═══ Supplied records

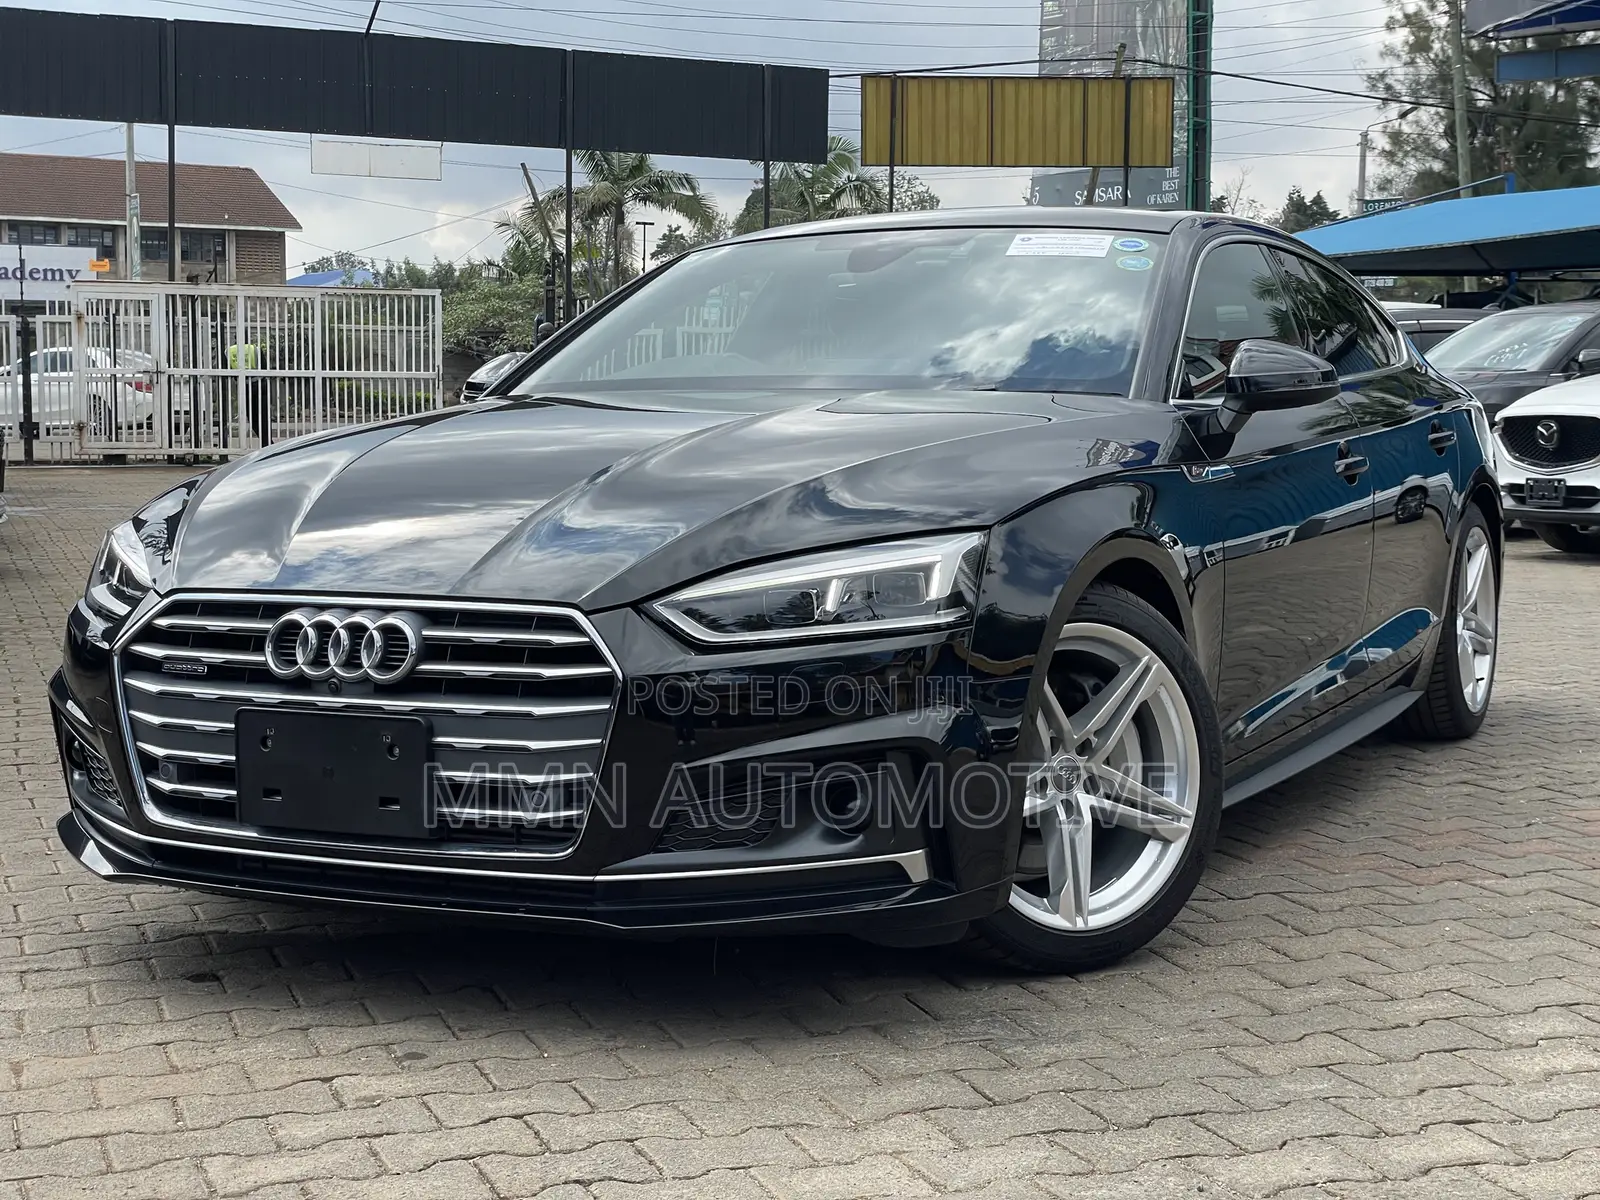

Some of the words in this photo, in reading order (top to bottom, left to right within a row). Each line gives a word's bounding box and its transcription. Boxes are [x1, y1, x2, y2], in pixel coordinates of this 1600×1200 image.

[1165, 167, 1180, 178] THE
[1162, 179, 1180, 191] BEST
[1146, 194, 1156, 206] OF
[1156, 192, 1180, 204] KAREN
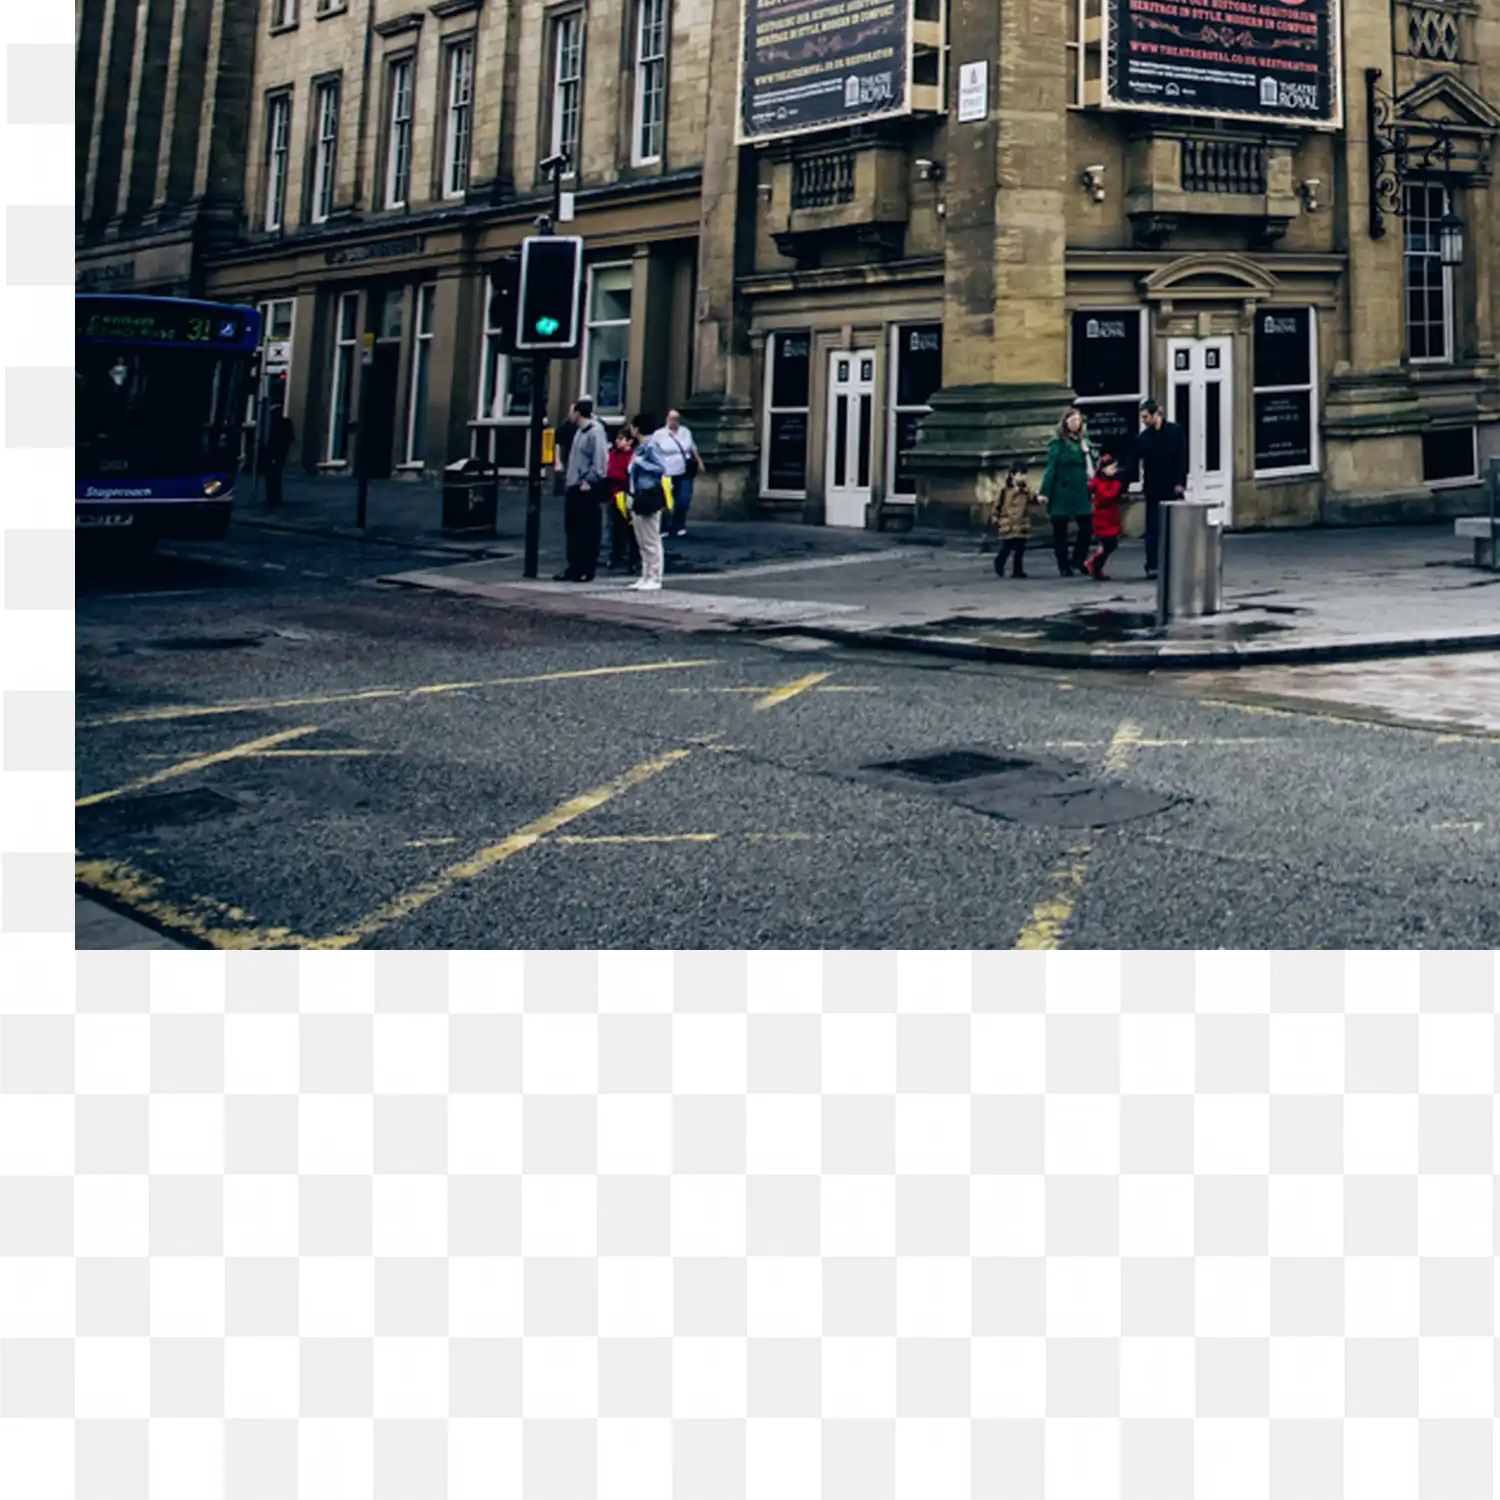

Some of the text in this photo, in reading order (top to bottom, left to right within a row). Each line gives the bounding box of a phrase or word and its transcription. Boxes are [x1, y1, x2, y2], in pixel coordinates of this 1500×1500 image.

[1129, 0, 1177, 15] HERITAGE
[1179, 6, 1190, 17] IN
[1225, 14, 1263, 28] MODERN
[1265, 20, 1275, 30] IN
[1276, 21, 1318, 36] COMFORT
[1259, 5, 1317, 23] AUDITORIUM
[861, 83, 893, 103] ROYAL
[1279, 81, 1317, 96] THEATRE
[1279, 92, 1319, 110] ROYAL
[85, 486, 152, 499] Stagecoach

══════

If a record holds a picture, leave the picture out and copy the rest exactly.

▶ **Your response**
Some of the words in this photo, in reading order (top to bottom, left to right within a row). Each line gives a word's bounding box and its transcription. Boxes are [x1, y1, x2, y2], in pixel coordinates of this 1600×1200 image.

[1165, 167, 1180, 178] THE
[1162, 179, 1180, 191] BEST
[1146, 194, 1156, 206] OF
[1156, 192, 1180, 204] KAREN

Some of the text in this photo, in reading order (top to bottom, left to right within a row). Each line gives the bounding box of a phrase or word and its transcription. Boxes are [x1, y1, x2, y2], in pixel coordinates of this 1500×1500 image.

[1129, 0, 1177, 15] HERITAGE
[1179, 6, 1190, 17] IN
[1225, 14, 1263, 28] MODERN
[1265, 20, 1275, 30] IN
[1276, 21, 1318, 36] COMFORT
[1259, 5, 1317, 23] AUDITORIUM
[861, 83, 893, 103] ROYAL
[1279, 81, 1317, 96] THEATRE
[1279, 92, 1319, 110] ROYAL
[85, 486, 152, 499] Stagecoach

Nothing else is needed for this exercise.